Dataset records
►

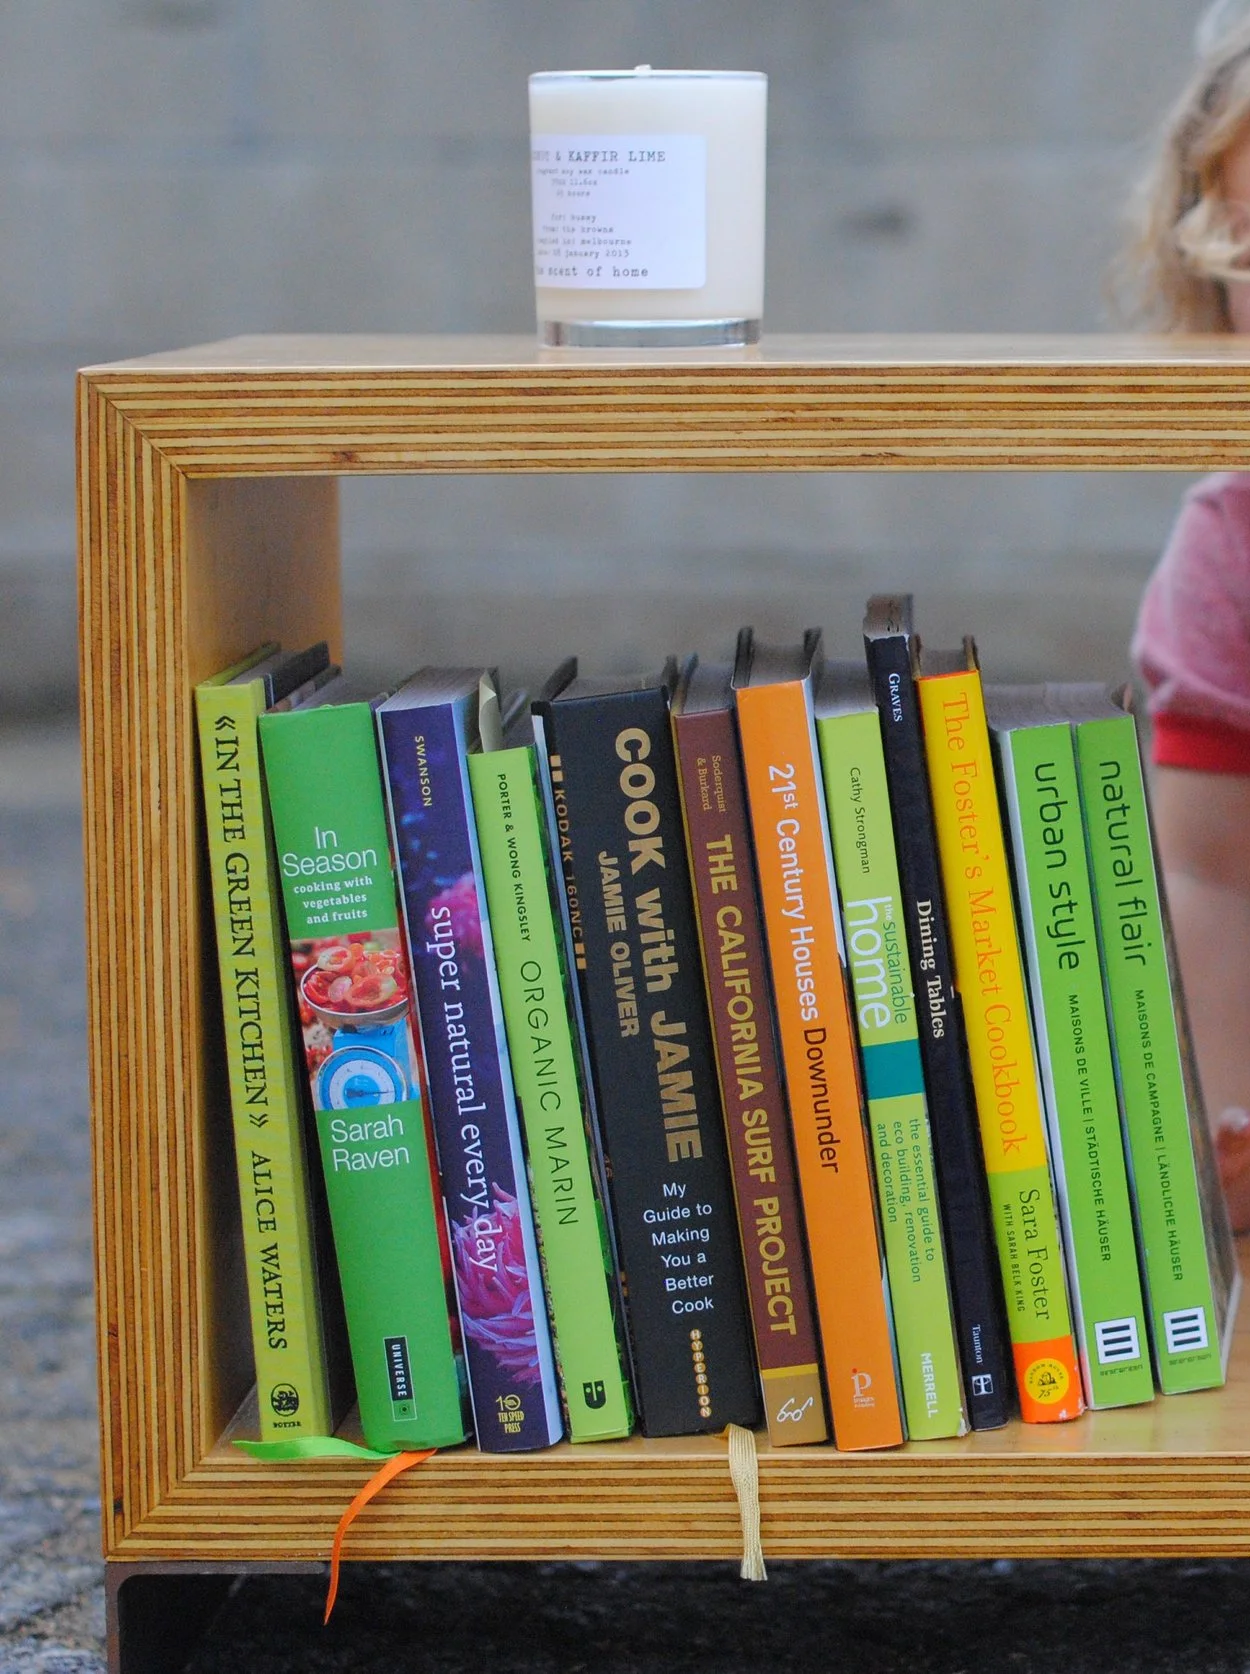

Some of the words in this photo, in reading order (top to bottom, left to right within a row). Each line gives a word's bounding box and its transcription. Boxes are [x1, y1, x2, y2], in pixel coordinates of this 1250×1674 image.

[568, 150, 618, 162] KAFFIR
[628, 150, 666, 162] LIME
[547, 266, 578, 277] scent
[586, 266, 603, 277] of
[612, 265, 649, 277] home
[943, 692, 970, 751] The
[215, 737, 239, 771] IN
[414, 735, 433, 807] SWANSON
[697, 757, 707, 767] &
[219, 779, 246, 843] THE
[497, 773, 512, 819] PORTER
[698, 768, 713, 811] Burkard
[712, 755, 727, 812] Soderquist
[768, 763, 798, 810] 21st
[850, 767, 863, 803] Cathy
[314, 826, 338, 850] In
[506, 824, 514, 832] &
[553, 789, 574, 862] KODAK
[855, 807, 870, 874] Strongman
[1034, 761, 1068, 870] urban
[1099, 760, 1143, 888] natural
[283, 846, 377, 877] Season
[293, 880, 342, 895] cooking
[343, 875, 373, 888] with
[507, 837, 521, 878] WONG
[705, 834, 738, 895] THE
[776, 817, 805, 920] Century
[225, 852, 256, 958] GREEN
[302, 893, 367, 909] vegetables
[306, 912, 329, 925] and
[332, 908, 368, 923] fruits
[514, 882, 531, 942] KINGSLEY
[597, 850, 627, 933] JAMIE
[884, 904, 894, 921] the
[427, 906, 461, 991] super
[614, 727, 665, 876] COOK
[650, 1010, 703, 1163] JAMIE
[968, 887, 1002, 996] Market
[1046, 880, 1086, 971] style
[1117, 896, 1153, 967] flair
[610, 942, 640, 1038] OLIVER
[789, 924, 819, 1020] Houses
[846, 896, 892, 1029] home
[883, 921, 911, 1024] sustainable
[916, 899, 938, 971] Dining
[927, 975, 947, 1039] Tables
[716, 905, 765, 1101] CALIFORNIA
[1068, 994, 1085, 1055] MAISONS
[1134, 989, 1151, 1049] MAISONS
[234, 967, 269, 1106] KITCHEN
[445, 1001, 486, 1116] natural
[1142, 1052, 1155, 1069] DE
[520, 960, 562, 1112] ORGANIC
[544, 1126, 579, 1226] MARIN
[984, 1003, 1028, 1155] Cookbook
[1076, 1058, 1088, 1076] DE
[803, 1028, 840, 1173] Downunder
[1079, 1078, 1093, 1116] VILLE
[1146, 1072, 1165, 1144] CAMPAGNE
[330, 1114, 404, 1144] Sarah
[741, 1108, 776, 1183] SURF
[877, 1123, 890, 1147] and
[893, 1121, 903, 1145] eco
[909, 1119, 920, 1140] the
[333, 1145, 409, 1172] Raven
[460, 1123, 489, 1209] every
[896, 1149, 911, 1207] building,
[913, 1146, 930, 1202] essential
[1085, 1126, 1105, 1205] STÄDTISCHE
[251, 1151, 277, 1233] ALICE
[643, 1206, 691, 1223] Guide
[696, 1203, 713, 1216] to
[663, 1183, 687, 1198] My
[881, 1152, 898, 1223] decoration
[1003, 1203, 1013, 1226] WITH
[1019, 1189, 1040, 1242] Sara
[1157, 1154, 1176, 1227] LÄNDLICHE
[469, 1218, 503, 1272] day
[652, 1227, 710, 1247] Making
[904, 1211, 921, 1283] renovation
[917, 1207, 934, 1244] guide
[1007, 1230, 1018, 1260] SARAH
[1096, 1209, 1112, 1262] HÄUSER
[661, 1252, 691, 1268] You
[697, 1253, 707, 1264] a
[665, 1273, 714, 1291] Better
[754, 1196, 798, 1337] PROJECT
[925, 1247, 934, 1262] to
[1011, 1263, 1022, 1286] BELK
[1027, 1245, 1050, 1320] Foster
[1167, 1230, 1183, 1282] HÄUSER
[260, 1243, 288, 1350] WATERS
[671, 1297, 714, 1315] Cook
[1015, 1290, 1025, 1312] KING
[391, 1343, 407, 1397] UNIVERSE
[972, 1324, 983, 1363] Taunton
[689, 1329, 712, 1418] HYPERION
[920, 1352, 939, 1418] MERRELL
[504, 1422, 521, 1433] PRESS
[508, 1410, 524, 1422] SPEED

◄

Return every record exactly, leaving out the pictures.

• [Response to the task]:
Some of the words in this photo, in reading order (top to bottom, left to right within a row). Each line gives a word's bounding box and its transcription. Boxes are [x1, y1, x2, y2], in pixel coordinates of this 1250×1674 image.

[568, 150, 618, 162] KAFFIR
[628, 150, 666, 162] LIME
[547, 266, 578, 277] scent
[586, 266, 603, 277] of
[612, 265, 649, 277] home
[943, 692, 970, 751] The
[215, 737, 239, 771] IN
[414, 735, 433, 807] SWANSON
[697, 757, 707, 767] &
[219, 779, 246, 843] THE
[497, 773, 512, 819] PORTER
[698, 768, 713, 811] Burkard
[712, 755, 727, 812] Soderquist
[768, 763, 798, 810] 21st
[850, 767, 863, 803] Cathy
[314, 826, 338, 850] In
[506, 824, 514, 832] &
[553, 789, 574, 862] KODAK
[855, 807, 870, 874] Strongman
[1034, 761, 1068, 870] urban
[1099, 760, 1143, 888] natural
[283, 846, 377, 877] Season
[293, 880, 342, 895] cooking
[343, 875, 373, 888] with
[507, 837, 521, 878] WONG
[705, 834, 738, 895] THE
[776, 817, 805, 920] Century
[225, 852, 256, 958] GREEN
[302, 893, 367, 909] vegetables
[306, 912, 329, 925] and
[332, 908, 368, 923] fruits
[514, 882, 531, 942] KINGSLEY
[597, 850, 627, 933] JAMIE
[884, 904, 894, 921] the
[427, 906, 461, 991] super
[614, 727, 665, 876] COOK
[650, 1010, 703, 1163] JAMIE
[968, 887, 1002, 996] Market
[1046, 880, 1086, 971] style
[1117, 896, 1153, 967] flair
[610, 942, 640, 1038] OLIVER
[789, 924, 819, 1020] Houses
[846, 896, 892, 1029] home
[883, 921, 911, 1024] sustainable
[916, 899, 938, 971] Dining
[927, 975, 947, 1039] Tables
[716, 905, 765, 1101] CALIFORNIA
[1068, 994, 1085, 1055] MAISONS
[1134, 989, 1151, 1049] MAISONS
[234, 967, 269, 1106] KITCHEN
[445, 1001, 486, 1116] natural
[1142, 1052, 1155, 1069] DE
[520, 960, 562, 1112] ORGANIC
[544, 1126, 579, 1226] MARIN
[984, 1003, 1028, 1155] Cookbook
[1076, 1058, 1088, 1076] DE
[803, 1028, 840, 1173] Downunder
[1079, 1078, 1093, 1116] VILLE
[1146, 1072, 1165, 1144] CAMPAGNE
[330, 1114, 404, 1144] Sarah
[741, 1108, 776, 1183] SURF
[877, 1123, 890, 1147] and
[893, 1121, 903, 1145] eco
[909, 1119, 920, 1140] the
[333, 1145, 409, 1172] Raven
[460, 1123, 489, 1209] every
[896, 1149, 911, 1207] building,
[913, 1146, 930, 1202] essential
[1085, 1126, 1105, 1205] STÄDTISCHE
[251, 1151, 277, 1233] ALICE
[643, 1206, 691, 1223] Guide
[696, 1203, 713, 1216] to
[663, 1183, 687, 1198] My
[881, 1152, 898, 1223] decoration
[1003, 1203, 1013, 1226] WITH
[1019, 1189, 1040, 1242] Sara
[1157, 1154, 1176, 1227] LÄNDLICHE
[469, 1218, 503, 1272] day
[652, 1227, 710, 1247] Making
[904, 1211, 921, 1283] renovation
[917, 1207, 934, 1244] guide
[1007, 1230, 1018, 1260] SARAH
[1096, 1209, 1112, 1262] HÄUSER
[661, 1252, 691, 1268] You
[697, 1253, 707, 1264] a
[665, 1273, 714, 1291] Better
[754, 1196, 798, 1337] PROJECT
[925, 1247, 934, 1262] to
[1011, 1263, 1022, 1286] BELK
[1027, 1245, 1050, 1320] Foster
[1167, 1230, 1183, 1282] HÄUSER
[260, 1243, 288, 1350] WATERS
[671, 1297, 714, 1315] Cook
[1015, 1290, 1025, 1312] KING
[391, 1343, 407, 1397] UNIVERSE
[972, 1324, 983, 1363] Taunton
[689, 1329, 712, 1418] HYPERION
[920, 1352, 939, 1418] MERRELL
[504, 1422, 521, 1433] PRESS
[508, 1410, 524, 1422] SPEED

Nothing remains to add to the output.